-------- Supplied information

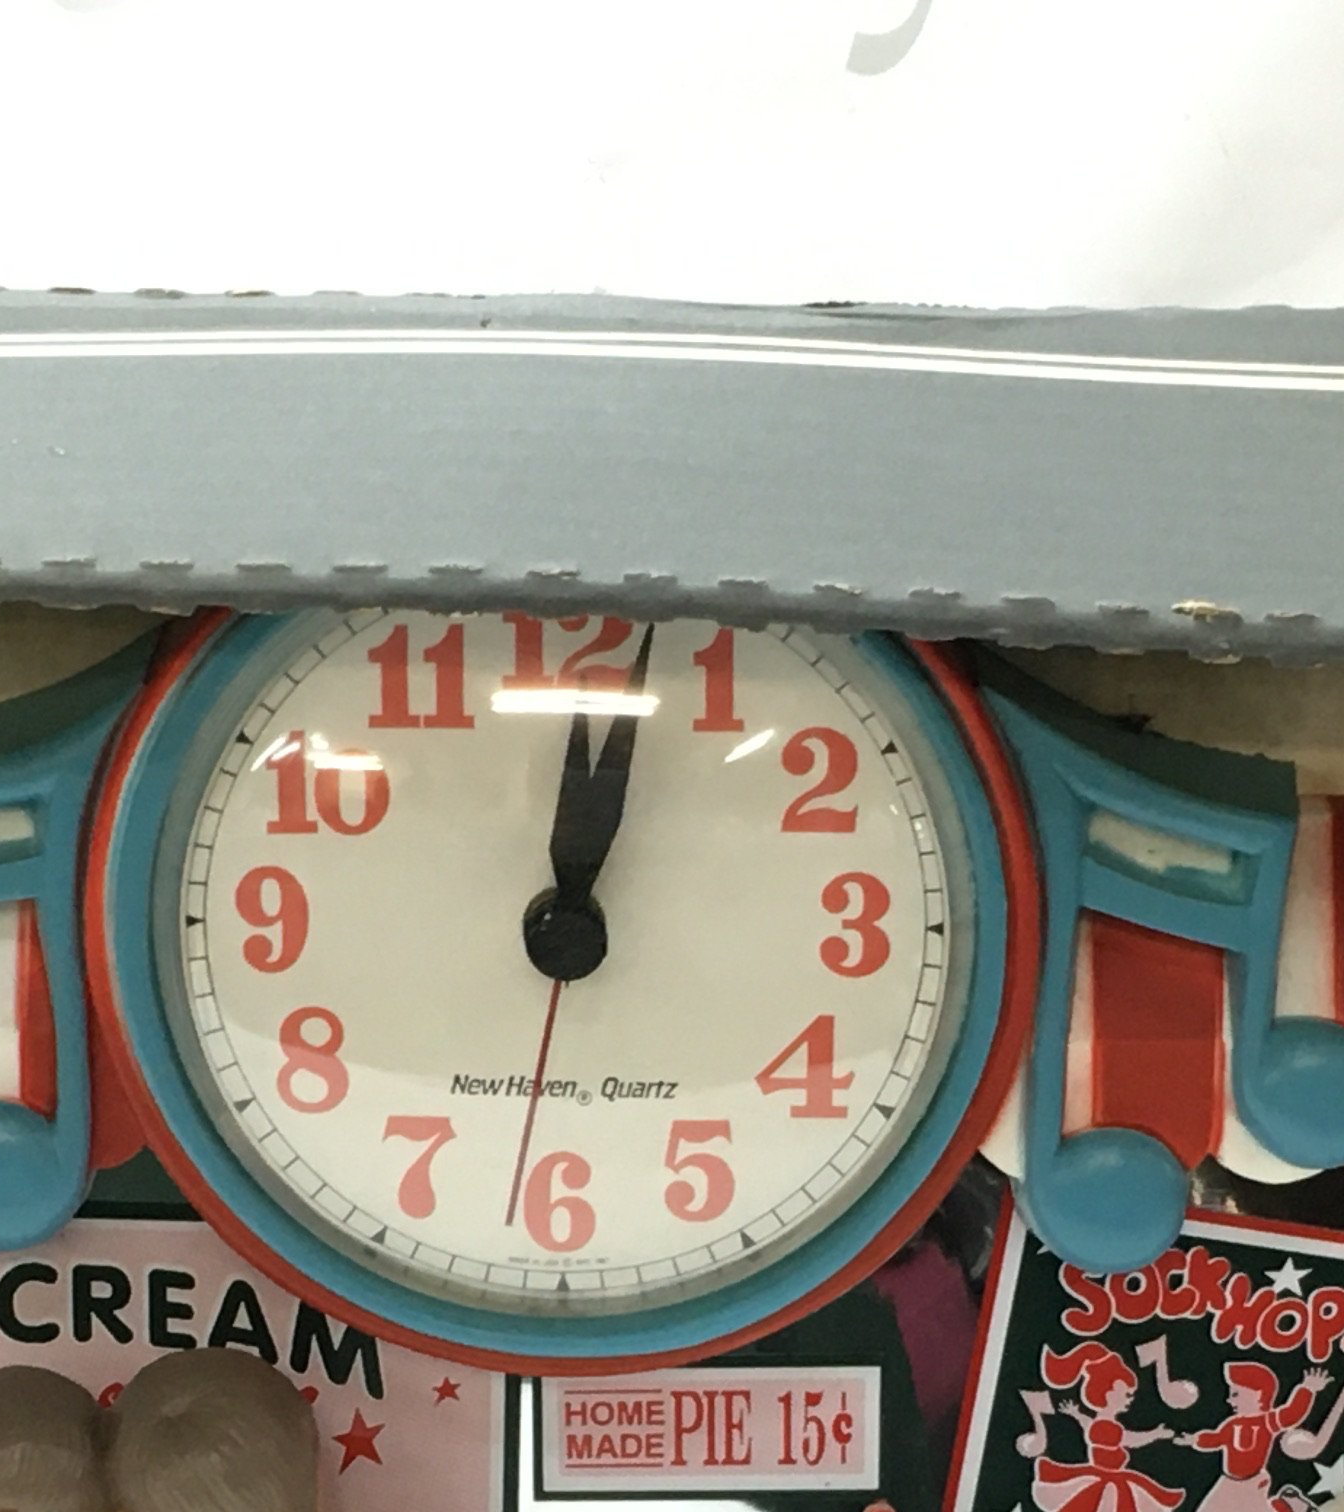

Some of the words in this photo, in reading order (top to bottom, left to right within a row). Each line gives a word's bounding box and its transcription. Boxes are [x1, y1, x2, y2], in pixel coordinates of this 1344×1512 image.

[368, 624, 474, 728] 11
[693, 627, 744, 731] 1
[266, 730, 390, 835] 10
[780, 727, 858, 833] 2
[235, 866, 309, 973] 9
[819, 872, 891, 977] 3
[276, 1007, 350, 1113] 8
[450, 1074, 503, 1096] New
[601, 1077, 679, 1102] Quartz
[755, 1015, 855, 1118] 4
[382, 1116, 456, 1219] 7
[523, 1152, 596, 1252] 6
[664, 1120, 735, 1222] 5
[1058, 1245, 1230, 1336] SOCK
[564, 1401, 665, 1427] HOME
[565, 1432, 665, 1460] MADE
[670, 1389, 753, 1467] PIE
[777, 1389, 853, 1467] 15¢
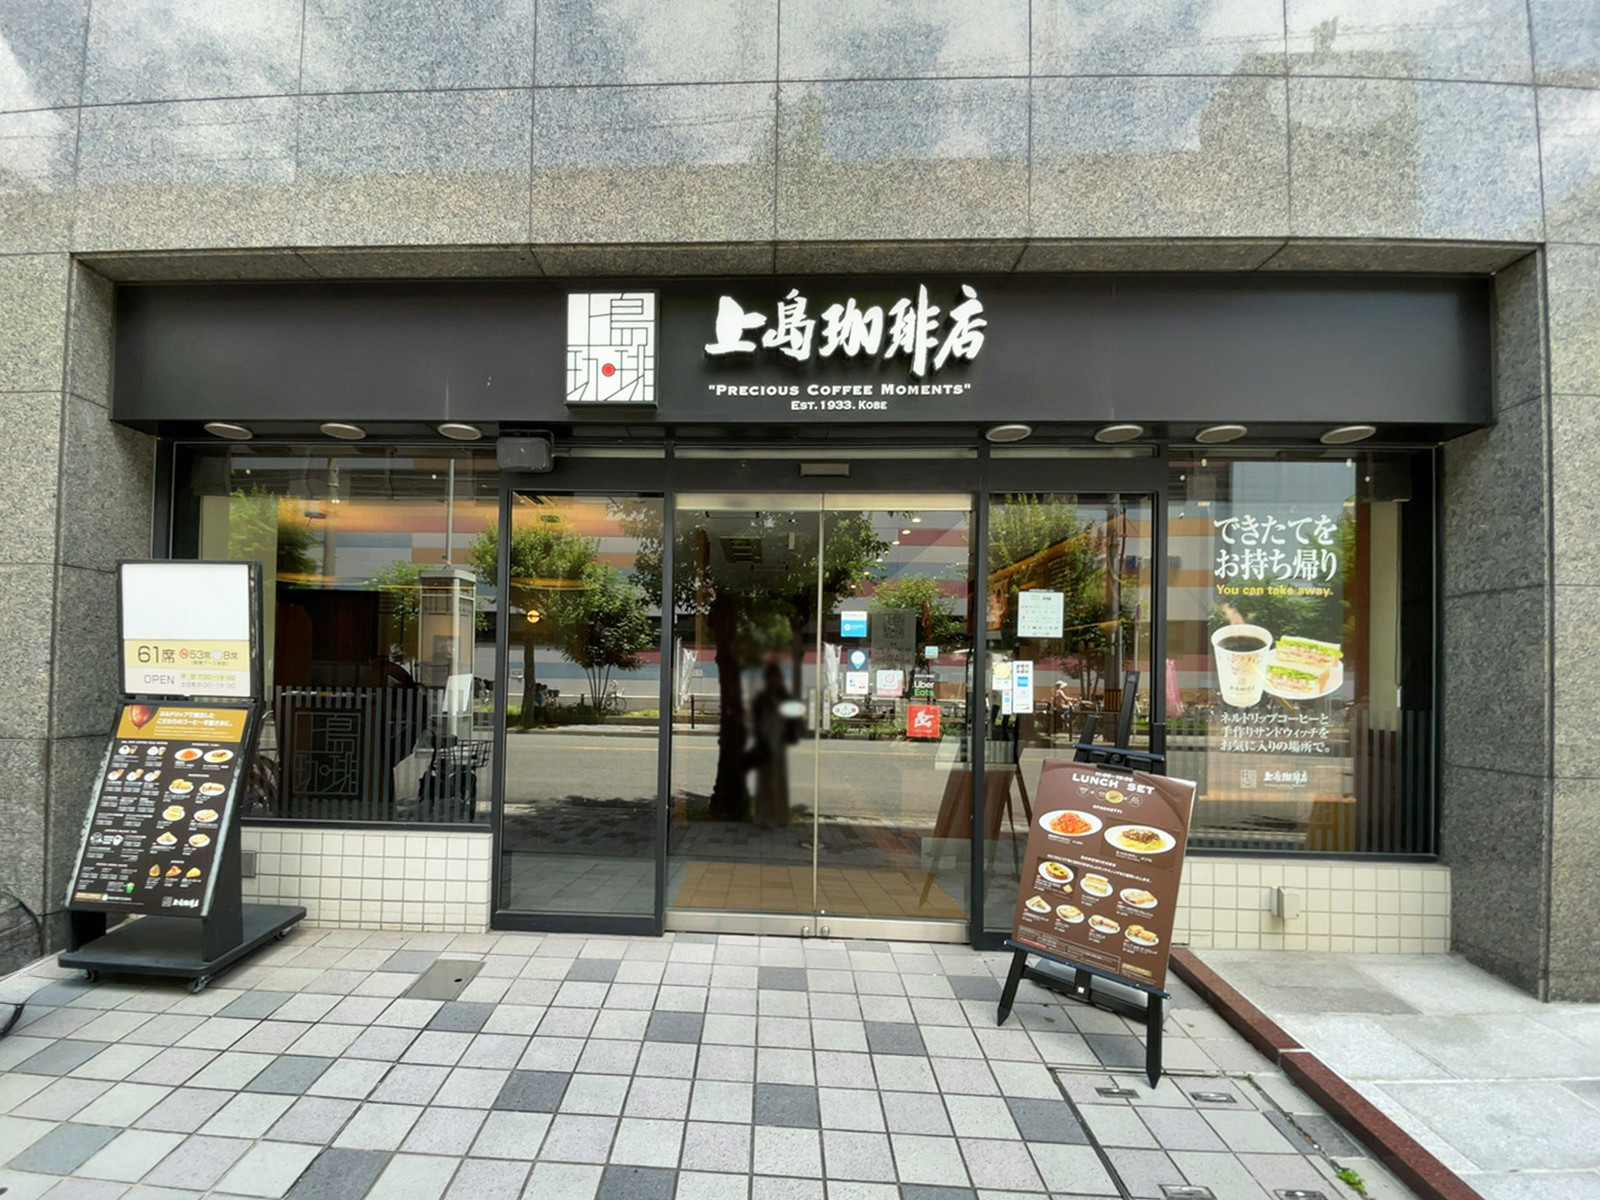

----------------

When you print the entries, keep every line exactly as it is and drop the pictures.

Some of the words in this photo, in reading order (top to bottom, left to right within a row). Each line gives a word's bounding box and its transcription. Boxes are [x1, y1, x2, y2], in pixel coordinates of this 1344×1512 image.

[368, 624, 474, 728] 11
[693, 627, 744, 731] 1
[266, 730, 390, 835] 10
[780, 727, 858, 833] 2
[235, 866, 309, 973] 9
[819, 872, 891, 977] 3
[276, 1007, 350, 1113] 8
[450, 1074, 503, 1096] New
[601, 1077, 679, 1102] Quartz
[755, 1015, 855, 1118] 4
[382, 1116, 456, 1219] 7
[523, 1152, 596, 1252] 6
[664, 1120, 735, 1222] 5
[1058, 1245, 1230, 1336] SOCK
[564, 1401, 665, 1427] HOME
[565, 1432, 665, 1460] MADE
[670, 1389, 753, 1467] PIE
[777, 1389, 853, 1467] 15¢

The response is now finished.